Here is an example for the information the EB-eye team needs for the different fields:
Field name in data | Brief field description | (NOT_)INDEXED / (NOT_) STORED | Type of value (regular expression, format, semantics, ...) |
---|---|---|---|
[field name] | [description] | [(NOT_)INDEXED/(NOT_)STORED] | [type of the value, specific format, list of values...] |
id | id of the entry | INDEXED, STORED | [A-Z][0-9]{4} |
name | name of the entry | INDEXED, STORED | english text |
last_update | last update | INDEXED, STORED | date |
Information needed for cross references to other resources:
Cross-reference | Brief xref description | Domain name / external resource referenced |
Field referenced (for domains) / URL (for external db) |
Comment |
---|---|---|---|---|
swiss-prot | xref to UniProtKB | UniProtKB (domain) | AC | |
AFCS | xref to AFCS | AFCS (external db) | id | {nolink:[http://www.signaling-gateway.org/data/Y2H/cgi-bin/y2h_int.cgi?id=%{id}] |
Please check for every xref whether the referenced resource is an EB-eye domain: [https://www.ebi.ac.uk/ebisearch/statistics.ebi|]
The previous sections described how the EB-eye search engine works, explained the relationship between the configuration files and the indexing process or the web interface. The following paragraphs describe what can be done to improve the quality of the results and the user experience.
The EB-eye tries to offer the most up to date data for its users. For this reason an automatic update mechanism has been developed and is running every day to make sure the indexes are updated. However, the system relies on the data providers to get these data and needs to know where the latest versions can be found. It is therefore important to define a static location where the EB-eye data for a domain is stored.
Another important stage of the update is the verification of the data. A clearly defined format for the source files is a good start. Most of the time a parser will be used to go through the data and index them. Unfortunately, the format of these data is sometimes not available or not up to date and as a result, writing the parsers becomes difficult and takes time. Providing a detailed description of the data structure, be it a description document, a DTD or an XML schema, will greatly help not only to write the parsers, but also to verify the source files.
Some data providers include release notes which can be used by the automatic update to verify the data which have been indexed (The number of entries is one of the details which are really useful to verify whether the data have been indexed correctly). Unfortunately, most of the data indexed cant be verified because this information is missing or incorrect. Making sure that such information is available and accurate helps to guaranty the quality of the indexed data.

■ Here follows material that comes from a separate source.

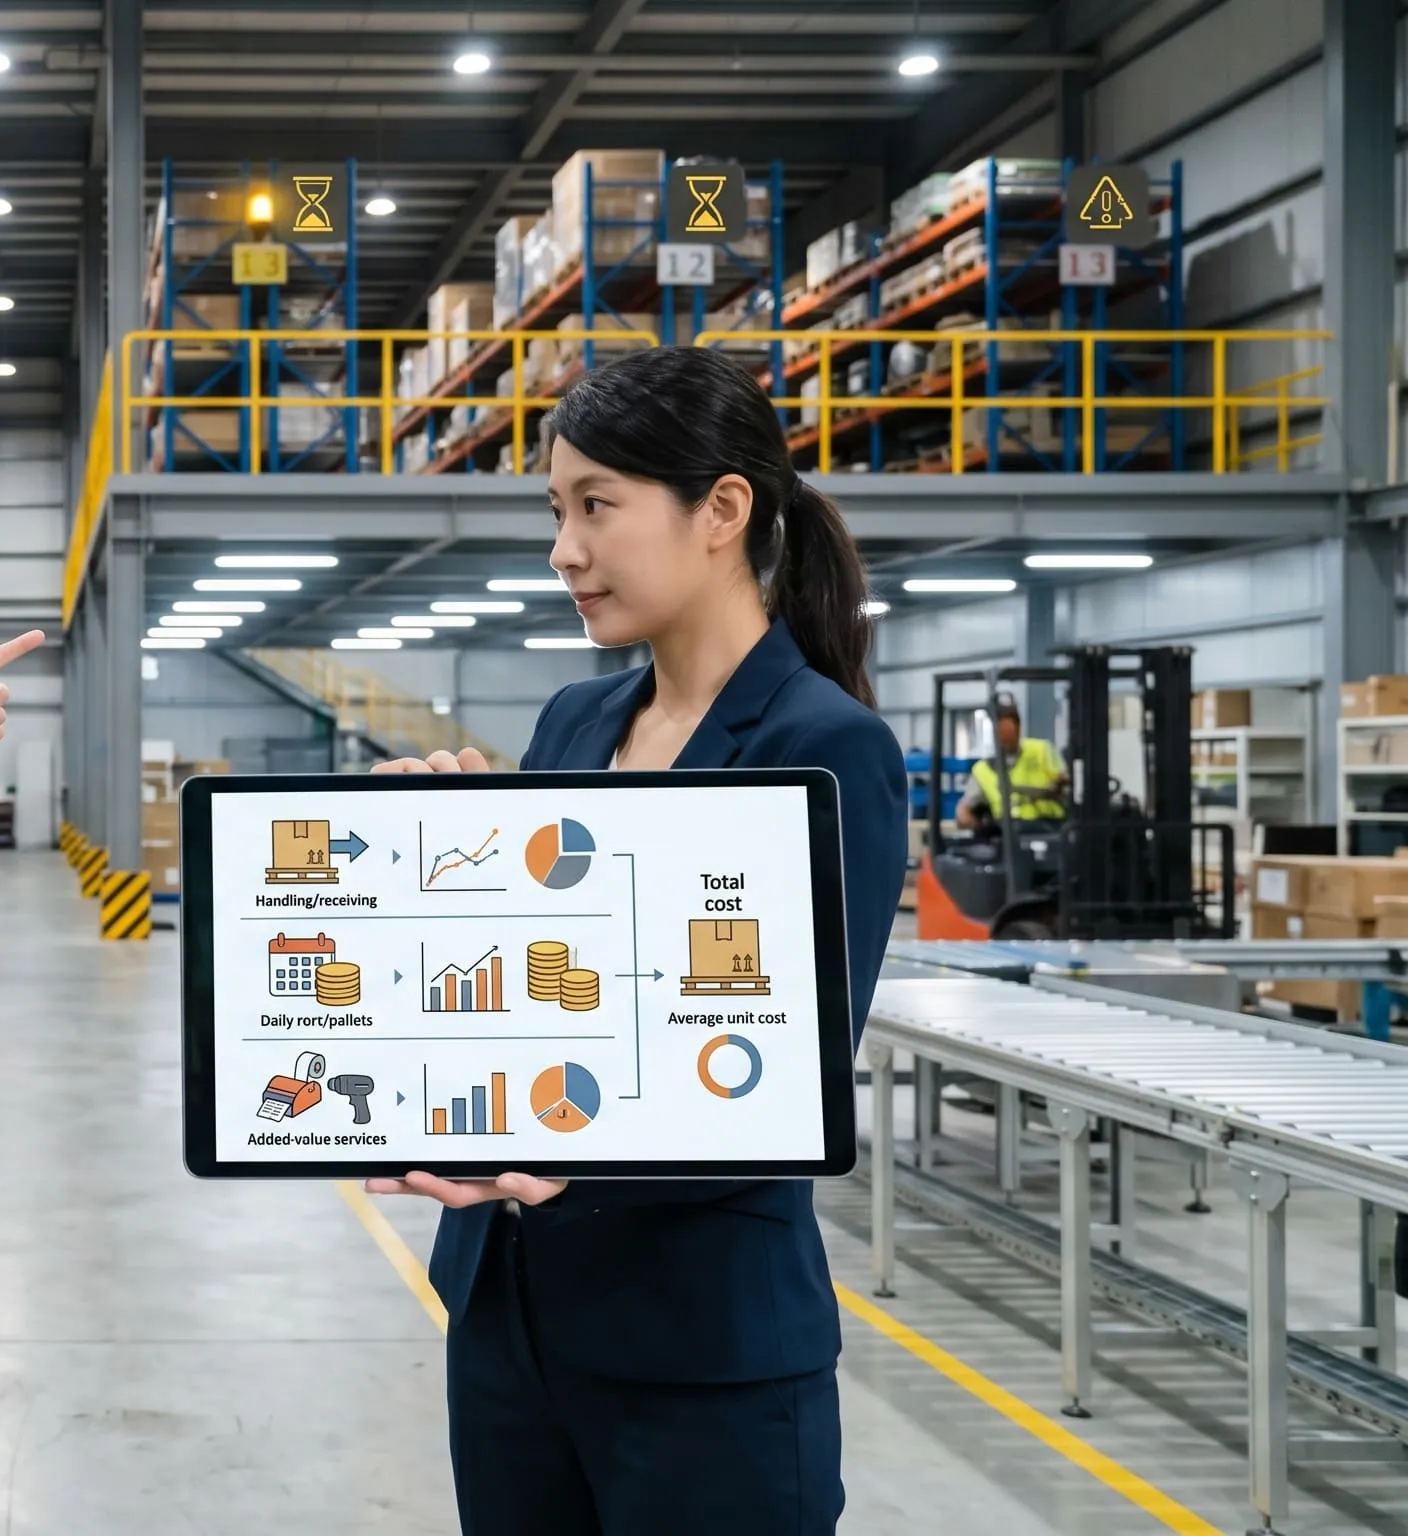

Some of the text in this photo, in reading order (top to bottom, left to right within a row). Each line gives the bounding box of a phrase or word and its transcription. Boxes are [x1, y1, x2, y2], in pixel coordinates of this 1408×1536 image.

The parsers will determine what fields and what information will be stored in the index. So, to ensure the quality of the data, the data providers should establish a list of the fields that have to be indexed, with their names and descriptions, and how they are represented in the source files. This as well as a detailed description of the data format will help writing a parser and define proper names for the fields. These names will be available in the Advanced Search, so they have to be meaningful for the user.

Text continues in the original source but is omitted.